Activity
With the images excluded, set down every line of the listing below exactly.

Information shown
┌──
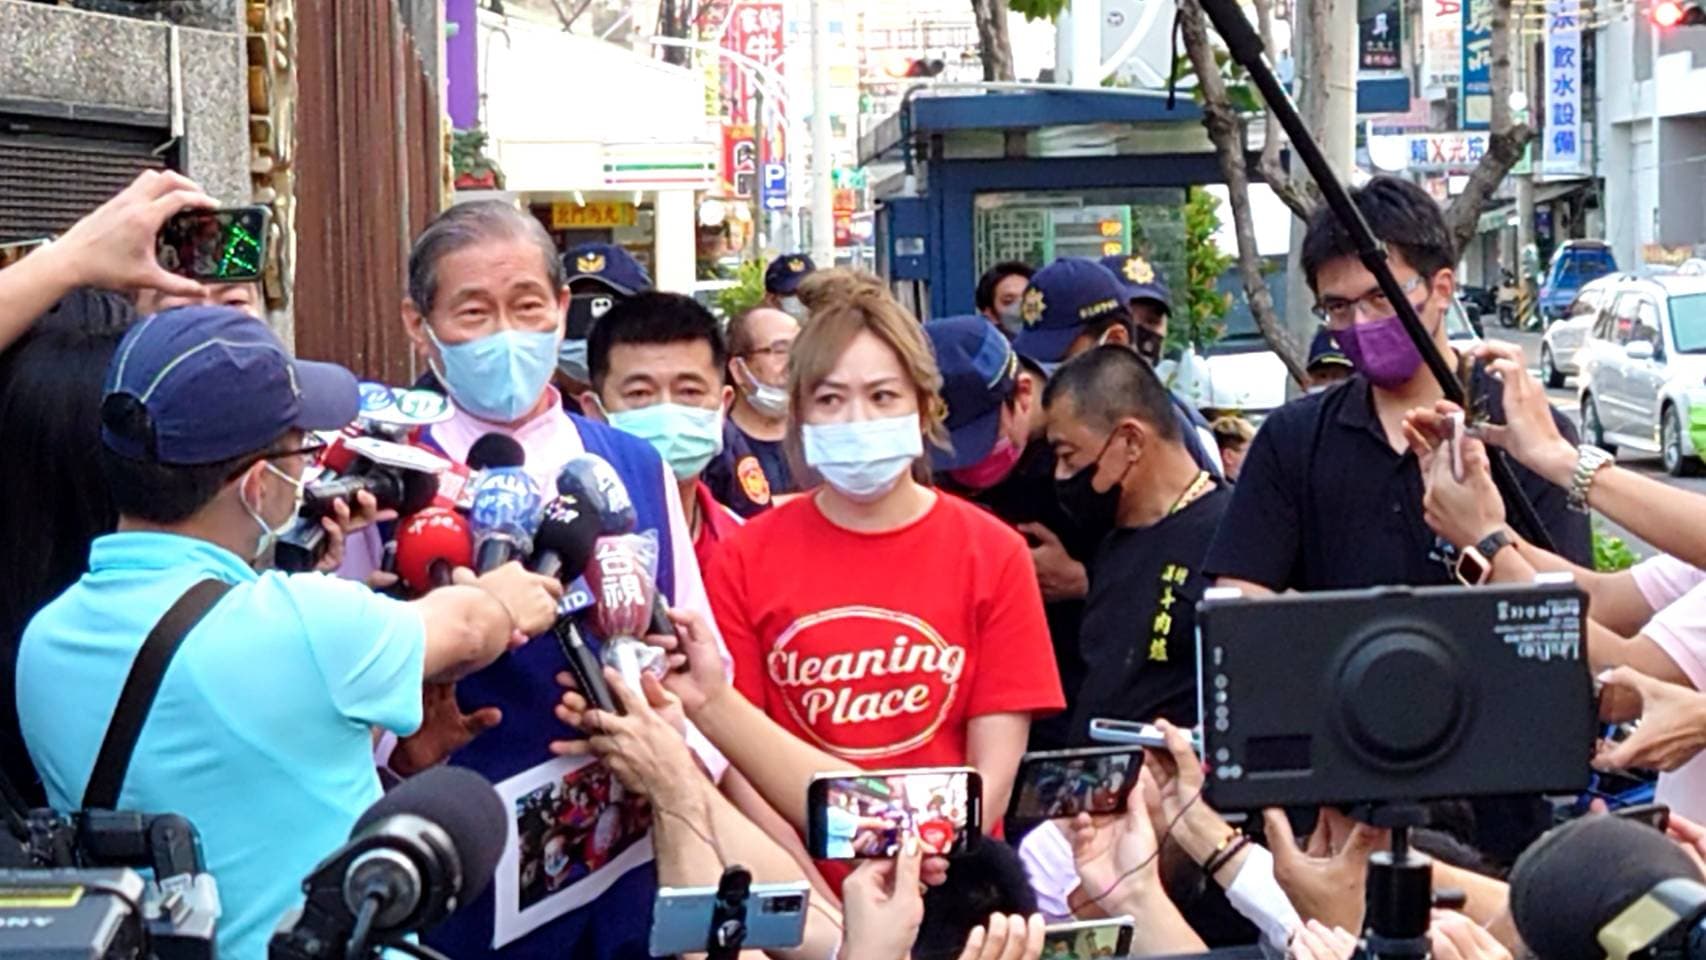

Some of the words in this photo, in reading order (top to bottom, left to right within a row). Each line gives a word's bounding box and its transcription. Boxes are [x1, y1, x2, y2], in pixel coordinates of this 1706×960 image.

[765, 164, 785, 188] P
[596, 543, 646, 608] 台視
[557, 590, 588, 615] TD
[767, 635, 966, 688] Cleaning
[802, 684, 930, 726] Place
[0, 916, 54, 928] NY
└──
Answer to this exercise
Some of the words in this photo, in reading order (top to bottom, left to right within a row). Each line gives a word's bounding box and its transcription. Boxes are [x1, y1, x2, y2], in pixel coordinates of this 1706×960 image.

[765, 164, 785, 188] P
[596, 543, 646, 608] 台視
[557, 590, 588, 615] TD
[767, 635, 966, 688] Cleaning
[802, 684, 930, 726] Place
[0, 916, 54, 928] NY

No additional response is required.